Celebrate the United Kingdom's Ratification of the Cluster Bomb Ban
The United Kingdom ratified the Convention on Cluster Munitions at the UN on May 4th. That means that despite much work yet to be done, even UK Prime Minister Gordon Brown and Foreign Secretary David Miliband, while remaining engaged on UK global security, efforts to prevent terrorism, the Afghan War, and more, believe it is vital to stop using cluster bombs, and stop companies from making and selling them.
There are a number of advocacy groups to cheer for this milestone, follow the Cluster Munition Coalition's links to partners. So why is this such an enormous achievement for governments and bomb-victim advocates, as well as an incredible positive for all of us?

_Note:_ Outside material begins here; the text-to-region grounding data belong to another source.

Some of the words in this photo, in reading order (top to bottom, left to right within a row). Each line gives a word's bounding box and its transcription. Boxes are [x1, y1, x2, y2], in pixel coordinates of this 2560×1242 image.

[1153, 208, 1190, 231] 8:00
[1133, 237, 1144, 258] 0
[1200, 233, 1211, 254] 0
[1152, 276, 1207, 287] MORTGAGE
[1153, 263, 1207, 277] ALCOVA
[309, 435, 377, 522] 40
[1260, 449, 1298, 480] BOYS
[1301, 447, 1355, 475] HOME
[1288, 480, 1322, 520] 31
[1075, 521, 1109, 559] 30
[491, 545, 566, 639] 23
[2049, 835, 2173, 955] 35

Let's say you live in a neighborhood, living your life. You have a spouse, kids, and parents next door. Perhaps you're in South Beirut, Kandahar, or somewhere that didn't expect violence so close to home, like Belgrade. Maybe you don't follow politics or don't want to get involved in the higher-level arguments. Nevertheless, your government and some foreign government or rebel group begin fighting somewhere over the hills.

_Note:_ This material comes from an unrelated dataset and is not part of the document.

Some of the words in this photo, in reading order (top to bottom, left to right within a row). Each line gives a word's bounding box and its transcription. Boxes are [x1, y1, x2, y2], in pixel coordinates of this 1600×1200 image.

Then, because one of the groups has set up an operations cell in your neighborhood, planes fly over one night and drop bombs. All night long, your family is unable to sleep just listening to the soul-crushing thunder, explosions, the ground being ripped open, each thud perhaps echoes with the sound of someone's soul being sucked into the ground.
At last, it's dawn, you survived. Somehow you got through it. The fight was horrific, but the war is over. Whoever was fighting has finally brokered an agreement you don't quite understand.
The neighborhood celebrates. It's over. Peace has returned. You finally let your kids return to school to play. Your elderly parents go for a walk. Your spouse goes to work. Then, the peace is broken by yet another, surprise earth-shaking detonation. People scurry to see what happened. An ambulance siren wails. Was anyone hurt or killed? Was it someone from your family? And this keeps happening, once a week, twice a week. Why?
When fighting forces use landmines, they tend to plant them mostly in predictable patterns along fighting lines. But many civilians after conflicts continued to trigger them and get killed or injured because they either didn't know that it was a former fighting area or because rain, erosion, or something else literally shifted the mines into pathways otherwise thought to be clear. And yet, the global community unified for the most part to ban the manufacture and use of landmines through an international convention in 1997.
But cluster bombs are different, some would say even more dangerous. Rather than foot soldiers planting the bombs in front of their fighting positions, cluster bombs are dropped from planes when the air commander wants to make sure to hit a wide set of targets with a spray pattern, rather than wasting a lot of pinpoint bombs that could more easily miss.
The effect is similar to that of landmines. Most explode, but some remain in the ground. However, since cluster bombs are dropped from the air, their likely locations are even harder for local civilians to predict.
The UK is now the 32nd country to ratify the cluster munitions ban, after, for example, Norway (#1, Go norse!), Ireland (#2, Smiling eyes!), Sierra Leone (#4, Greatest post-war comeback!), Laos (#5, Revived!), and Croatia (#16, Nearly finished de-mining the last of its mountain hiking trails!).
The United States still has neither signed, nor ratified the cluster ban. Why? Because defense leaders are convinced that new technology can be plugged into landmines and cluster bombs, which could allow them to be remotely de-activated. Of course, they haven't ensured that all the pellets will explode upon landing, so would they really be able to be sure all the de-activations would work?
Fortunately, I haven't been around cluster bombs, that I know of. But I have had to work very close to active minefields in Bosnia and Azerbaijan. I'm telling you that people who live and raise kids beside those areas live with neck-breaking stress every day. They never know when a normal day on the farm or in the village will suddenly turn upside down. Let's help these people escape the nightmares.